▶ _ACTIVITY_: Check every line of the entries for the string "TOYOTA" and return the ones that contain it.

▶ _DATA SECTION_:

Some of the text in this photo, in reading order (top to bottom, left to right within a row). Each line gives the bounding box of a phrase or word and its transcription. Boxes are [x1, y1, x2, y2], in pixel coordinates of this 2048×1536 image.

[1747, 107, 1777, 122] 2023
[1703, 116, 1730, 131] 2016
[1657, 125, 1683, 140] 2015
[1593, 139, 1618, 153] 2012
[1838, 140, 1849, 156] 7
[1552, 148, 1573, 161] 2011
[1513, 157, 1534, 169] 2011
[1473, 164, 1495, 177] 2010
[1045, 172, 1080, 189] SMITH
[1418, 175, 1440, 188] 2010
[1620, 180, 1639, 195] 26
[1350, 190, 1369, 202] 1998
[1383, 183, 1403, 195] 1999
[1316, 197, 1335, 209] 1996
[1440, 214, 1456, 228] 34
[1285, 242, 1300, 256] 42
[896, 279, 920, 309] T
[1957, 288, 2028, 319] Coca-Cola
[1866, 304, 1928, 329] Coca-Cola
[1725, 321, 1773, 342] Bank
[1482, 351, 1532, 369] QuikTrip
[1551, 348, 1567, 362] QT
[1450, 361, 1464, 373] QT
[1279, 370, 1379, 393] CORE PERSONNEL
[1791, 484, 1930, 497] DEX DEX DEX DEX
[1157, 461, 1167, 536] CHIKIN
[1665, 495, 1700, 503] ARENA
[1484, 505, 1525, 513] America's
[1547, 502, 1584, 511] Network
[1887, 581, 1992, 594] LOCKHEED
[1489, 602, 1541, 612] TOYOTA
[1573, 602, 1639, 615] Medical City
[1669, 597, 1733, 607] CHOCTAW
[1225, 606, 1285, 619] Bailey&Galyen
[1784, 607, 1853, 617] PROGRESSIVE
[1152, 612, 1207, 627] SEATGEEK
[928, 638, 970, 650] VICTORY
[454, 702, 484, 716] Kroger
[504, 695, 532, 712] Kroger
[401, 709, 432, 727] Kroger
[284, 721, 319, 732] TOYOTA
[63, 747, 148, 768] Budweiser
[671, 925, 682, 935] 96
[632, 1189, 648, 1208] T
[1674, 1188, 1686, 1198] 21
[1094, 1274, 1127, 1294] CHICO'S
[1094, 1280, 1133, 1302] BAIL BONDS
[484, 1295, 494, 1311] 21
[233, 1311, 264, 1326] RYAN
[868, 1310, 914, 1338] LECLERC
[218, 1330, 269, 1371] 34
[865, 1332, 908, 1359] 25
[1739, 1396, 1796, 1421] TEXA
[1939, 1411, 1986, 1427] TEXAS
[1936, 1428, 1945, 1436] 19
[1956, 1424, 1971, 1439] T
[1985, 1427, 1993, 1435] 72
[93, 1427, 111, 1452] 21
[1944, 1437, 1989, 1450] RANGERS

▶ _EXERCISE SOLUTION_:
[1489, 602, 1541, 612] TOYOTA
[284, 721, 319, 732] TOYOTA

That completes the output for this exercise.